== HOW TO COMPLETE THIS TASK ==
Please reproduce all of the listing below exactly and drop its images.

== DATA SUPPLIED ==

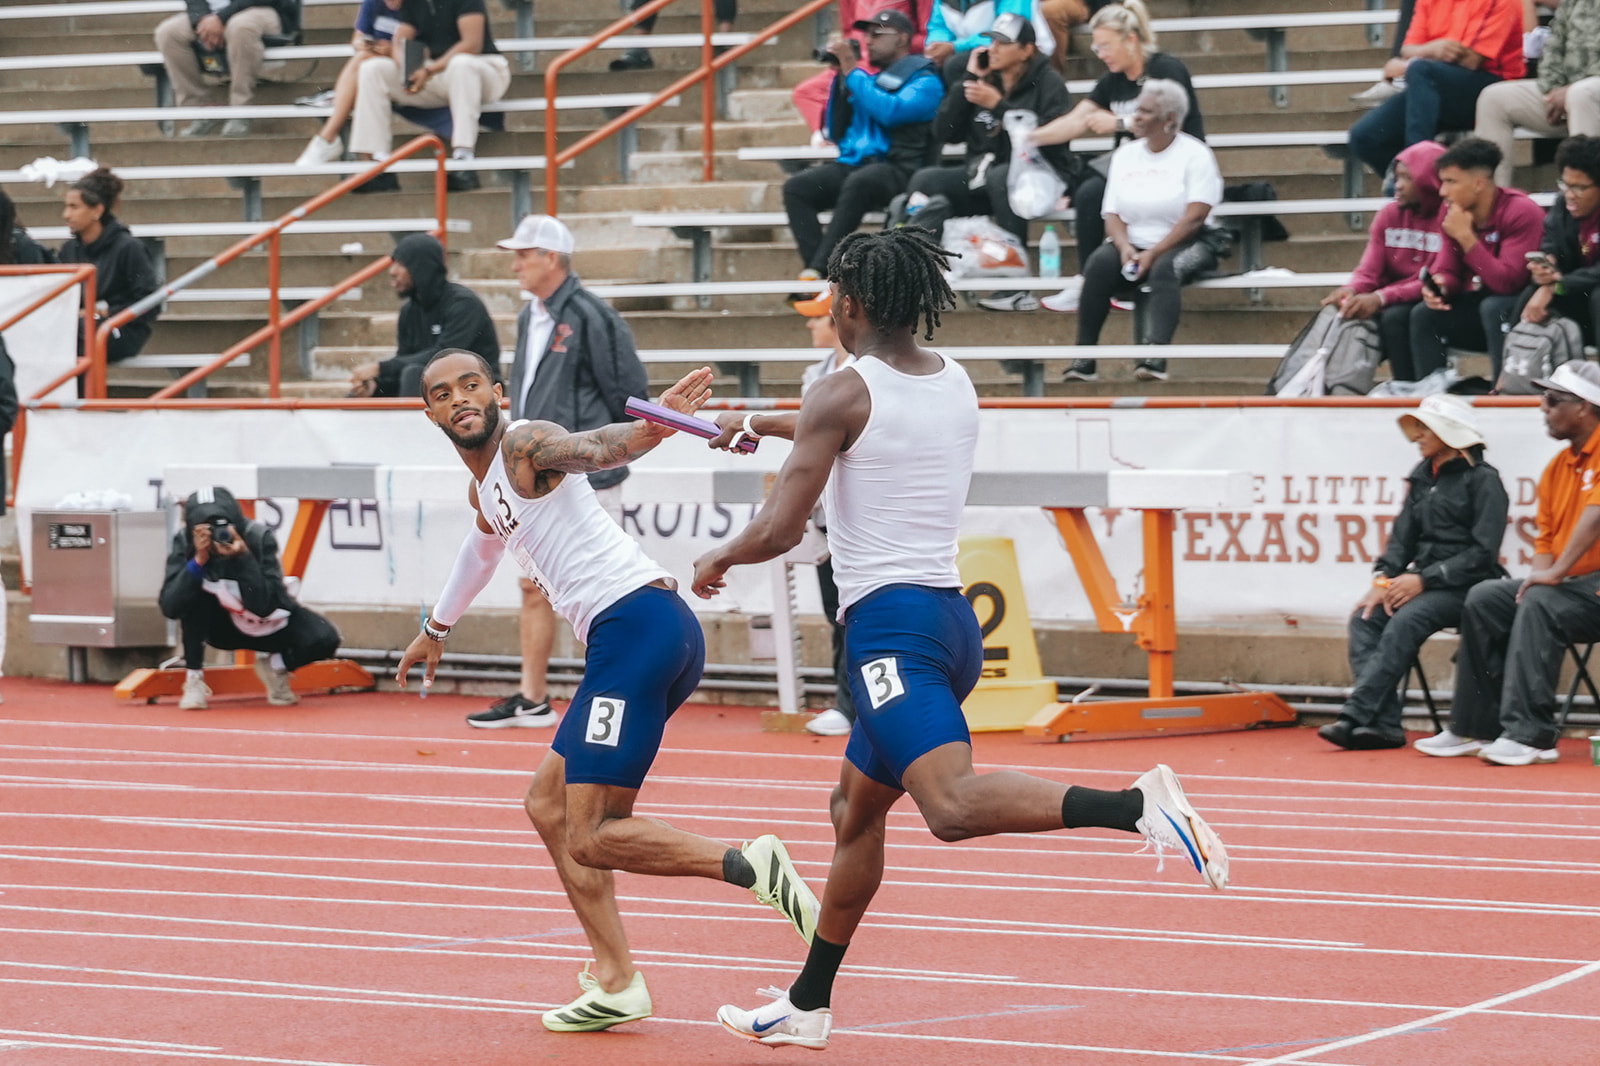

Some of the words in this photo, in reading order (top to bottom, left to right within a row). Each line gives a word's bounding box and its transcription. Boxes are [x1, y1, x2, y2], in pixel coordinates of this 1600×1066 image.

[1282, 476, 1408, 505] LITTL
[1172, 512, 1322, 563] EXAS
[964, 582, 1008, 660] 2
[869, 662, 892, 703] 3
[592, 701, 615, 741] 3

== ANSWER TO THE PROBLEM ==
Some of the words in this photo, in reading order (top to bottom, left to right within a row). Each line gives a word's bounding box and its transcription. Boxes are [x1, y1, x2, y2], in pixel coordinates of this 1600×1066 image.

[1282, 476, 1408, 505] LITTL
[1172, 512, 1322, 563] EXAS
[964, 582, 1008, 660] 2
[869, 662, 892, 703] 3
[592, 701, 615, 741] 3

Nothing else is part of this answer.